## [Task to complete]
The answer is the full set of records, given again exactly and without images.

## [Data extracted from a collection]
_ _ _ _ _
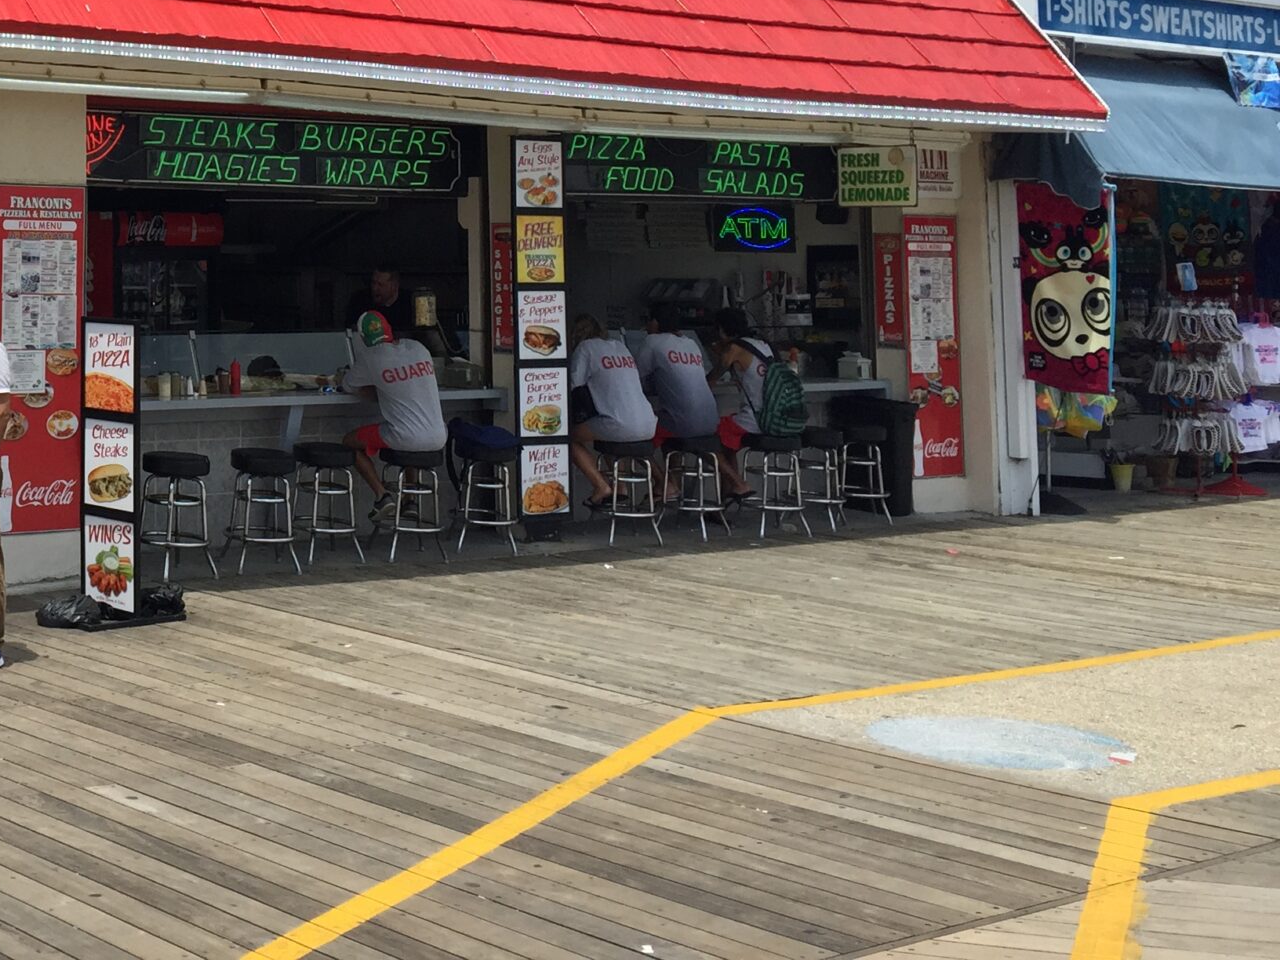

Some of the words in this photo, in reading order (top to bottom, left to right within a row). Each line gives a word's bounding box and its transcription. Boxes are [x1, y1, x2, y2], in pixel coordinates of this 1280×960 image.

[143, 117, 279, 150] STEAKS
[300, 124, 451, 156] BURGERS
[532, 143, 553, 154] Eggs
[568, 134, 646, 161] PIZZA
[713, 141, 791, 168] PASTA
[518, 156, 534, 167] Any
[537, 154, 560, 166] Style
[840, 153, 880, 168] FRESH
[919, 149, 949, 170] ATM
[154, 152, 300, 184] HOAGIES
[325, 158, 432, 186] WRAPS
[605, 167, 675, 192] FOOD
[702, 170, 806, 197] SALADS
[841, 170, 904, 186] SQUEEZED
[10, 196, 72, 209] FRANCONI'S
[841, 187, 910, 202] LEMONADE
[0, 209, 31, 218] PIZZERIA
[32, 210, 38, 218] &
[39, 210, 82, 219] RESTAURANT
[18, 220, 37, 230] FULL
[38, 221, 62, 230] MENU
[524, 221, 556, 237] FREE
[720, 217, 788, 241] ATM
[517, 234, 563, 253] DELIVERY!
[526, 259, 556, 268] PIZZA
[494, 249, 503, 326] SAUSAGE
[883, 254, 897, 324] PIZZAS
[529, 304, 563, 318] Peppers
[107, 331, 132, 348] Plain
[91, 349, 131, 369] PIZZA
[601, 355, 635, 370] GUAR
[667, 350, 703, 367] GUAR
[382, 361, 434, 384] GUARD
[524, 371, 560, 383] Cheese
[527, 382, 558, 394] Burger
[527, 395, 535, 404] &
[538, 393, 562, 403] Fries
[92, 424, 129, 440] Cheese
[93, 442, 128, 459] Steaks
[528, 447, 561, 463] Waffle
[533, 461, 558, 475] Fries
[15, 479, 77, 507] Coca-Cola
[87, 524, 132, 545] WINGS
_ _ _ _ _
## [Output of the task]
Some of the words in this photo, in reading order (top to bottom, left to right within a row). Each line gives a word's bounding box and its transcription. Boxes are [x1, y1, x2, y2], in pixel coordinates of this 1280×960 image.

[143, 117, 279, 150] STEAKS
[300, 124, 451, 156] BURGERS
[532, 143, 553, 154] Eggs
[568, 134, 646, 161] PIZZA
[713, 141, 791, 168] PASTA
[518, 156, 534, 167] Any
[537, 154, 560, 166] Style
[840, 153, 880, 168] FRESH
[919, 149, 949, 170] ATM
[154, 152, 300, 184] HOAGIES
[325, 158, 432, 186] WRAPS
[605, 167, 675, 192] FOOD
[702, 170, 806, 197] SALADS
[841, 170, 904, 186] SQUEEZED
[10, 196, 72, 209] FRANCONI'S
[841, 187, 910, 202] LEMONADE
[0, 209, 31, 218] PIZZERIA
[32, 210, 38, 218] &
[39, 210, 82, 219] RESTAURANT
[18, 220, 37, 230] FULL
[38, 221, 62, 230] MENU
[524, 221, 556, 237] FREE
[720, 217, 788, 241] ATM
[517, 234, 563, 253] DELIVERY!
[526, 259, 556, 268] PIZZA
[494, 249, 503, 326] SAUSAGE
[883, 254, 897, 324] PIZZAS
[529, 304, 563, 318] Peppers
[107, 331, 132, 348] Plain
[91, 349, 131, 369] PIZZA
[601, 355, 635, 370] GUAR
[667, 350, 703, 367] GUAR
[382, 361, 434, 384] GUARD
[524, 371, 560, 383] Cheese
[527, 382, 558, 394] Burger
[527, 395, 535, 404] &
[538, 393, 562, 403] Fries
[92, 424, 129, 440] Cheese
[93, 442, 128, 459] Steaks
[528, 447, 561, 463] Waffle
[533, 461, 558, 475] Fries
[15, 479, 77, 507] Coca-Cola
[87, 524, 132, 545] WINGS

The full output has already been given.